THE TASK - Omitting any pictures, transcribe the entries below exactly.

BEGIN AVAILABLE DATA

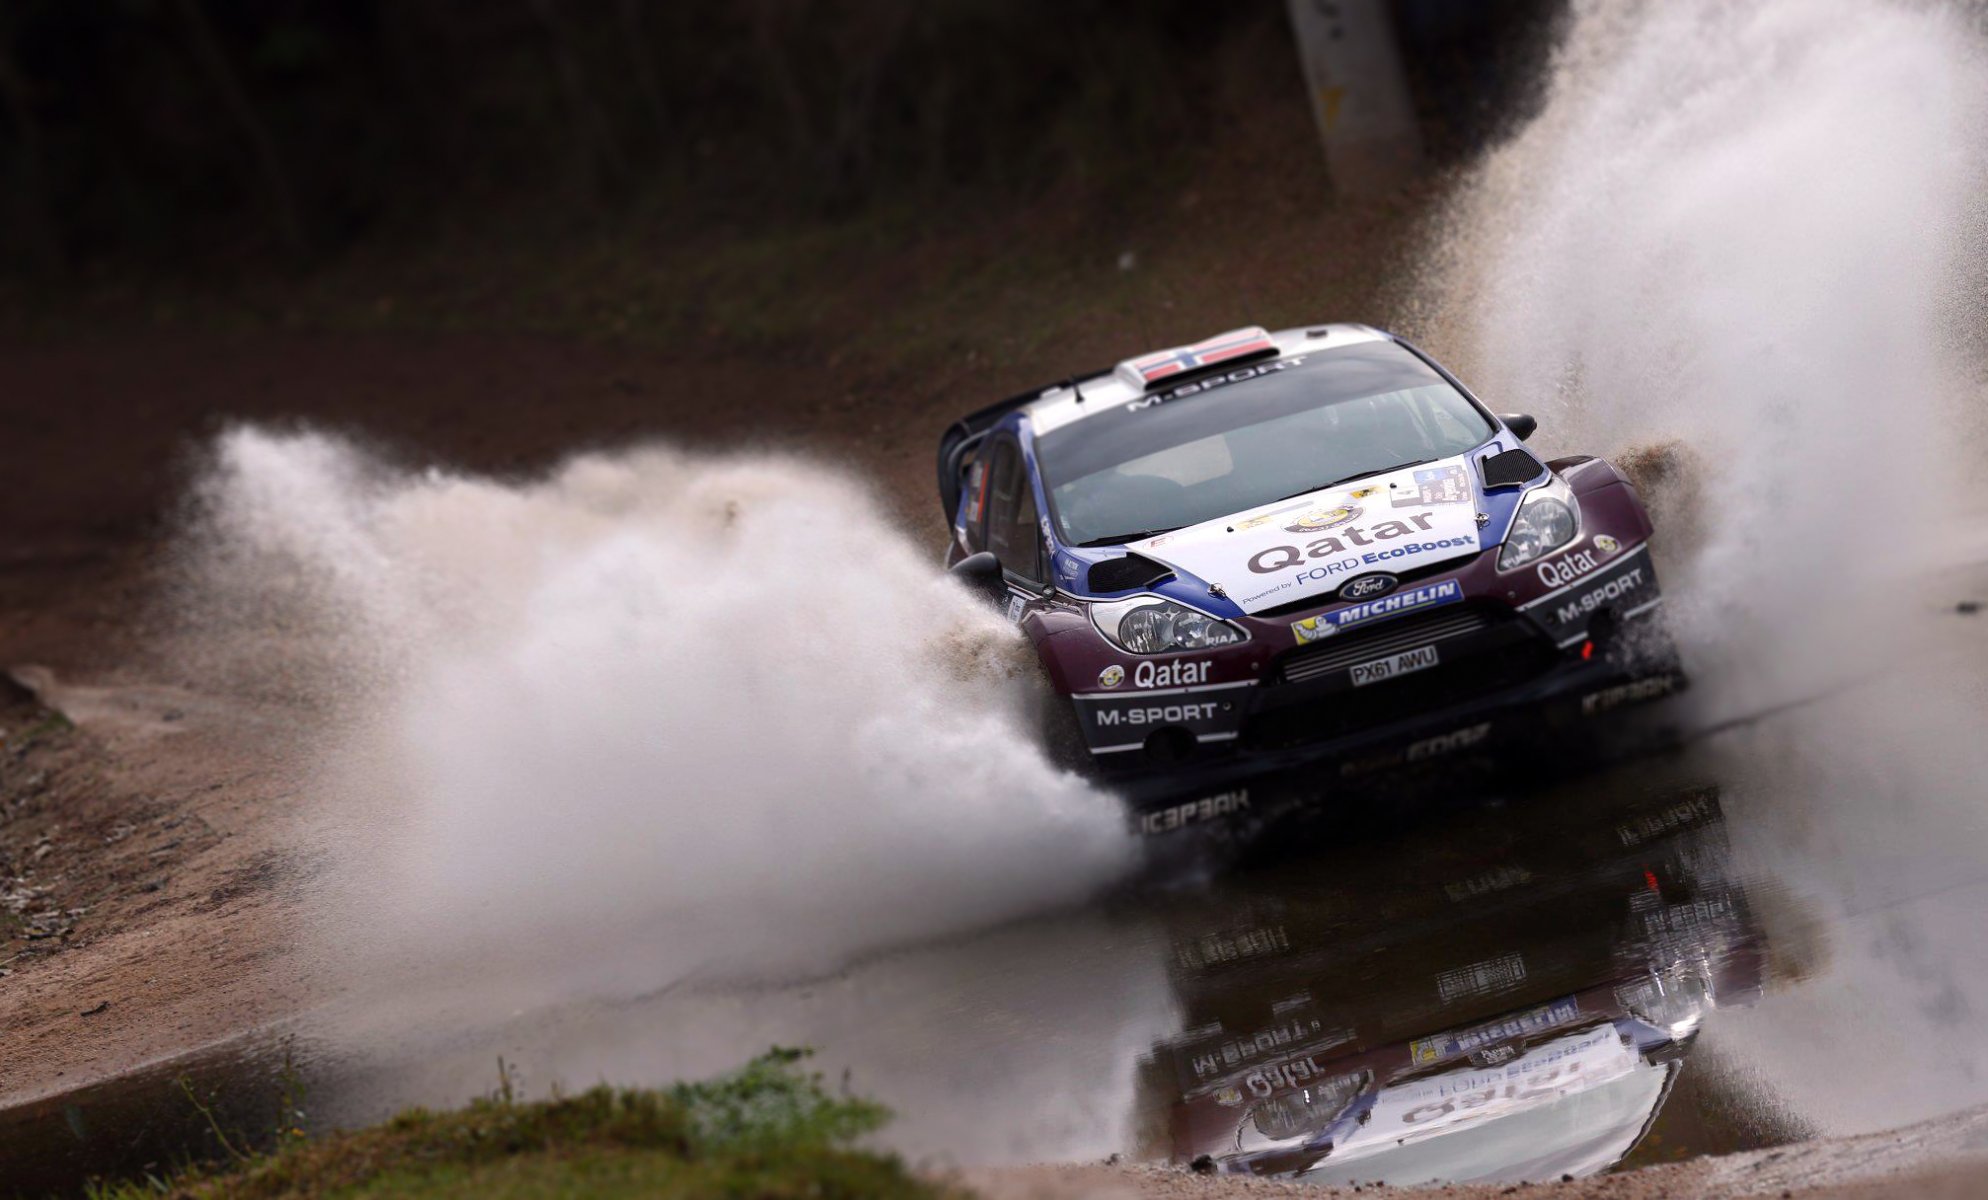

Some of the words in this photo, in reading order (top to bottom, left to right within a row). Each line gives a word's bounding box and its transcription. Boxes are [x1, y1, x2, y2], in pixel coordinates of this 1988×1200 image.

[1248, 511, 1434, 575] Qatar
[1243, 585, 1280, 604] Powered
[1281, 581, 1292, 589] by
[1295, 558, 1360, 585] FORD
[1361, 534, 1476, 564] EcoBoost
[1352, 578, 1385, 597] Ford
[1537, 548, 1599, 588] Qatar
[1338, 582, 1456, 625] MICHELIN
[1557, 568, 1643, 623] M-SPORT
[1134, 658, 1212, 688] Qatar
[1352, 659, 1393, 684] PX61
[1397, 647, 1437, 672] AWU
[1097, 702, 1218, 726] M-SPORT
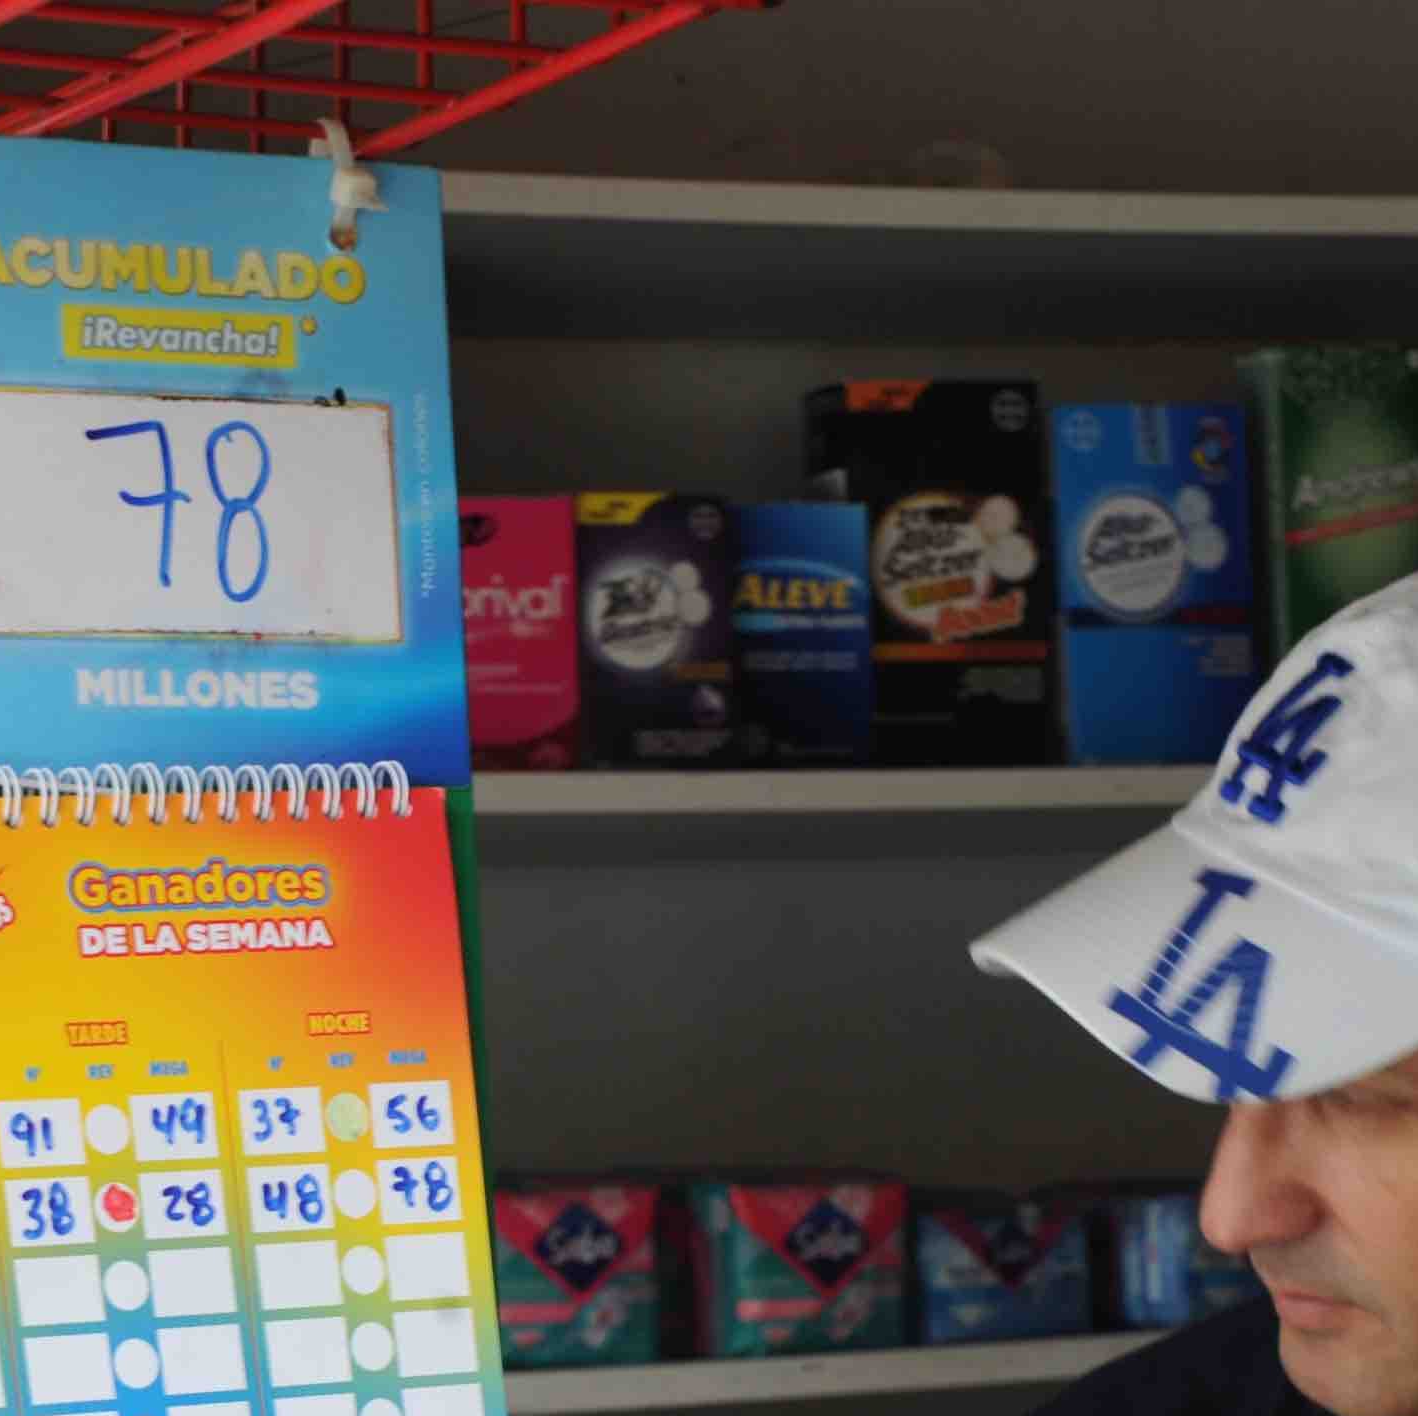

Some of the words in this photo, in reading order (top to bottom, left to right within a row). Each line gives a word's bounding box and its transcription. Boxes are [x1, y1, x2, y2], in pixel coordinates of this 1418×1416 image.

[81, 314, 281, 357] ¡Revancha!
[86, 421, 270, 603] 78
[738, 571, 854, 609] ALEVE
[76, 668, 318, 709] MILLONES
[1219, 652, 1354, 823] LA
[70, 858, 329, 911] Ganadores
[79, 926, 128, 957] DE
[133, 923, 181, 953] LA
[186, 918, 332, 951] SEMANA
[1103, 868, 1298, 1101] LA
[67, 1021, 128, 1046] TARDE
[308, 1010, 371, 1036] NOCHE
[10, 1112, 56, 1159] 91
[151, 1096, 207, 1145] 49
[251, 1095, 302, 1142] 37
[384, 1093, 439, 1133] 56
[21, 1182, 78, 1240] 38
[163, 1181, 216, 1226] 28
[262, 1181, 326, 1224] 48
[394, 1162, 454, 1214] 78

END AVAILABLE DATA

ANSWER SECTION -
Some of the words in this photo, in reading order (top to bottom, left to right within a row). Each line gives a word's bounding box and its transcription. Boxes are [x1, y1, x2, y2], in pixel coordinates of this 1988×1200 image.

[1248, 511, 1434, 575] Qatar
[1243, 585, 1280, 604] Powered
[1281, 581, 1292, 589] by
[1295, 558, 1360, 585] FORD
[1361, 534, 1476, 564] EcoBoost
[1352, 578, 1385, 597] Ford
[1537, 548, 1599, 588] Qatar
[1338, 582, 1456, 625] MICHELIN
[1557, 568, 1643, 623] M-SPORT
[1134, 658, 1212, 688] Qatar
[1352, 659, 1393, 684] PX61
[1397, 647, 1437, 672] AWU
[1097, 702, 1218, 726] M-SPORT

Some of the words in this photo, in reading order (top to bottom, left to right within a row). Each line gives a word's bounding box and its transcription. Boxes are [x1, y1, x2, y2], in pixel coordinates of this 1418×1416 image.

[81, 314, 281, 357] ¡Revancha!
[86, 421, 270, 603] 78
[738, 571, 854, 609] ALEVE
[76, 668, 318, 709] MILLONES
[1219, 652, 1354, 823] LA
[70, 858, 329, 911] Ganadores
[79, 926, 128, 957] DE
[133, 923, 181, 953] LA
[186, 918, 332, 951] SEMANA
[1103, 868, 1298, 1101] LA
[67, 1021, 128, 1046] TARDE
[308, 1010, 371, 1036] NOCHE
[10, 1112, 56, 1159] 91
[151, 1096, 207, 1145] 49
[251, 1095, 302, 1142] 37
[384, 1093, 439, 1133] 56
[21, 1182, 78, 1240] 38
[163, 1181, 216, 1226] 28
[262, 1181, 326, 1224] 48
[394, 1162, 454, 1214] 78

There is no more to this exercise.